The nation’s top wireless carriers say they all collect personal information, including location data, about subscribers and use much of that information to tailor marketing pitches for more services.

In letters responding to lawmakers’ questions, they described varied policies on protecting data and how long they retain location and other sensitive information such as a user’s name, Social Security number, and address.

The queries to the carriers by Reps. Edward Markey (D-Mass). and Joe Barton (R-Tex.) come amid increased scrutiny of privacy on mobile devices and questions about how Apple and Google store data on users’ locations.

Researchers earlier this week published a report revealing that a file on the Apple iPhone stored time-stamped location data.
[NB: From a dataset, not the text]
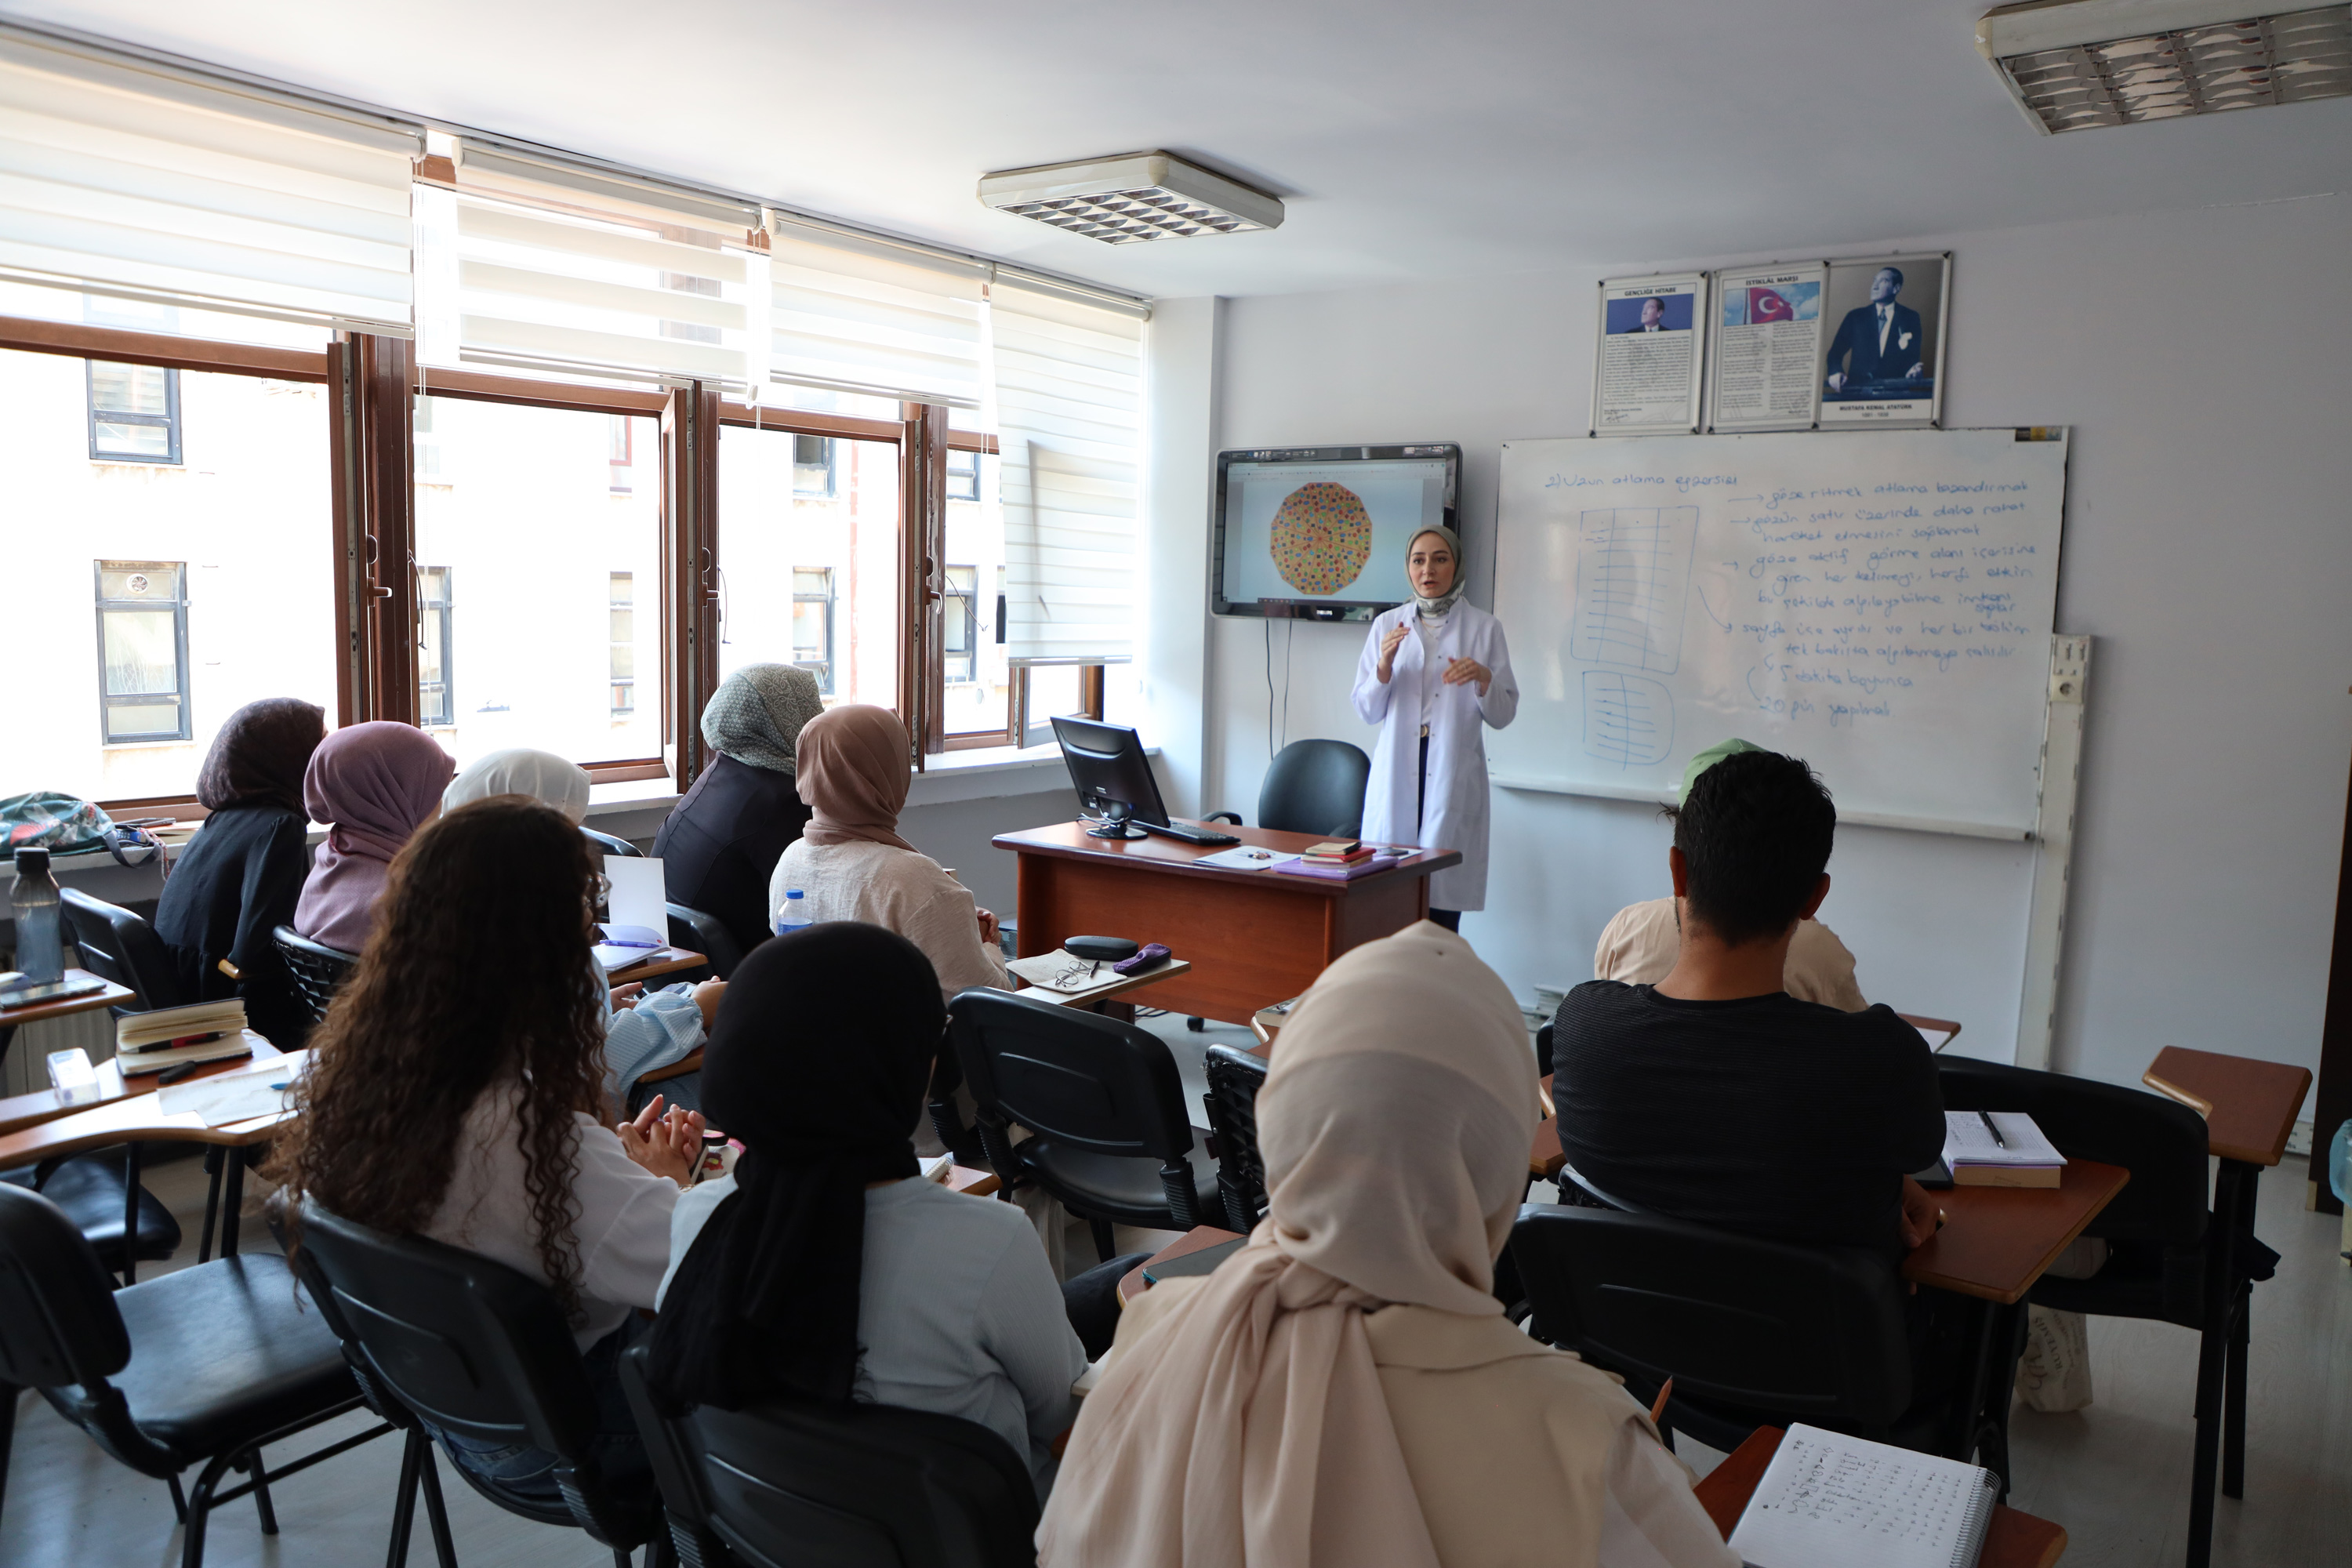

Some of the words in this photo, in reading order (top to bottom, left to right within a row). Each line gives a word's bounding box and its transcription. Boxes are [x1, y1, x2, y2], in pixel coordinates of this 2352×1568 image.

[1612, 474, 1666, 485] atlama
[1874, 482, 1929, 494] atlama
[1933, 504, 1975, 517] daha
[1983, 502, 2026, 515] rahat
Google acknowledged last week that it collects anonymous tracking data for its location services, including from phones that run Android software, but said that the information is recorded only when users give permission.
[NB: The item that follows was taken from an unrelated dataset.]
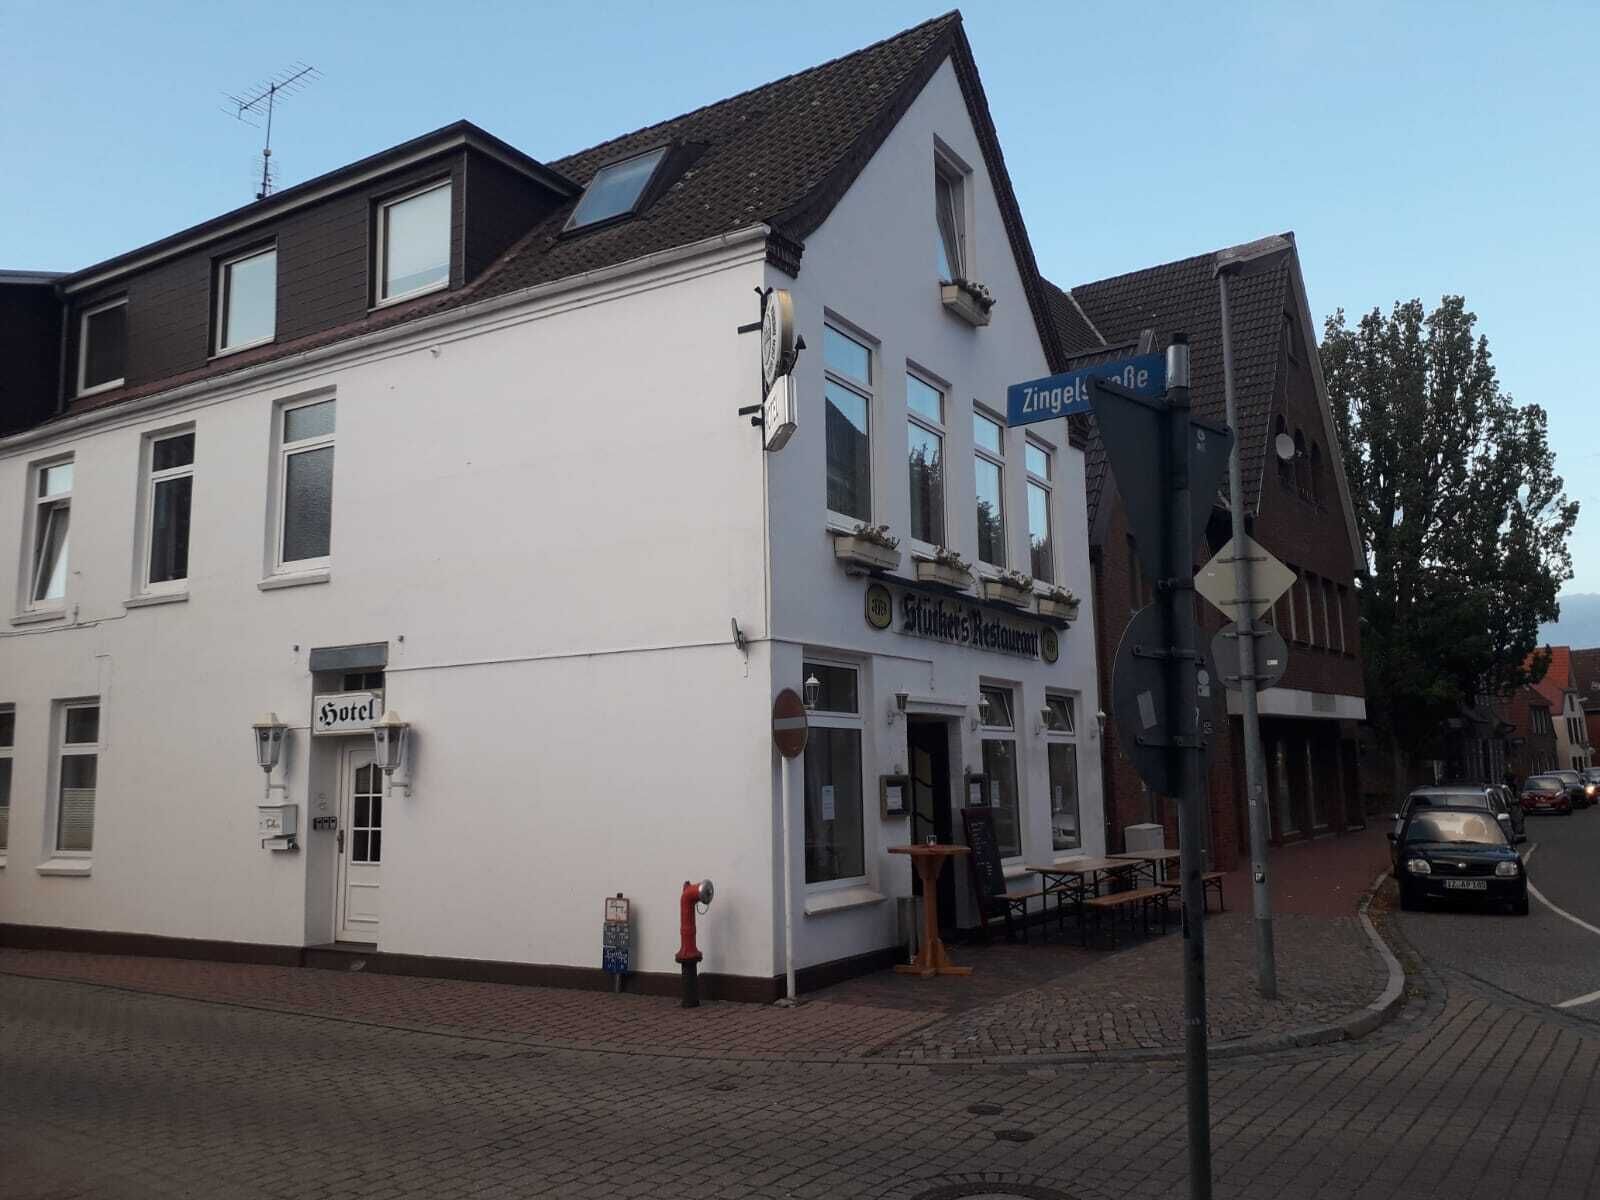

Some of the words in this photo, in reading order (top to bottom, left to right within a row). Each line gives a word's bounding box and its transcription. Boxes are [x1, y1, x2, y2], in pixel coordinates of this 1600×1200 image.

“The use of encryption and related security technologies were utilized to varying degrees across the four wireless carriers, and sensitive data was retained for differing periods of time,” Markey said. “Personal data should be made unreadable to those without a legitimate need to access it to the greatest extent possible, and the data should not be retained longer than absolutely necessary. Otherwise, there is a heightened risk of security breaches that expose consumers to identity theft and other crimes.”

AT&T said it is in the process of encrypting all sensitive personal information about its users such as credit card numbers, date of birth and specific data on a person’s location. It said it disposes of location-based information within five years.

T-Mobile was more vague about its data retention and security program. The company said only that it keep personal information “as long as we have a business need, or as applicable laws, regulations, or government order require.” It did not say whether personal information is encrypted. A spokesman did not immediately respond to a request for comment.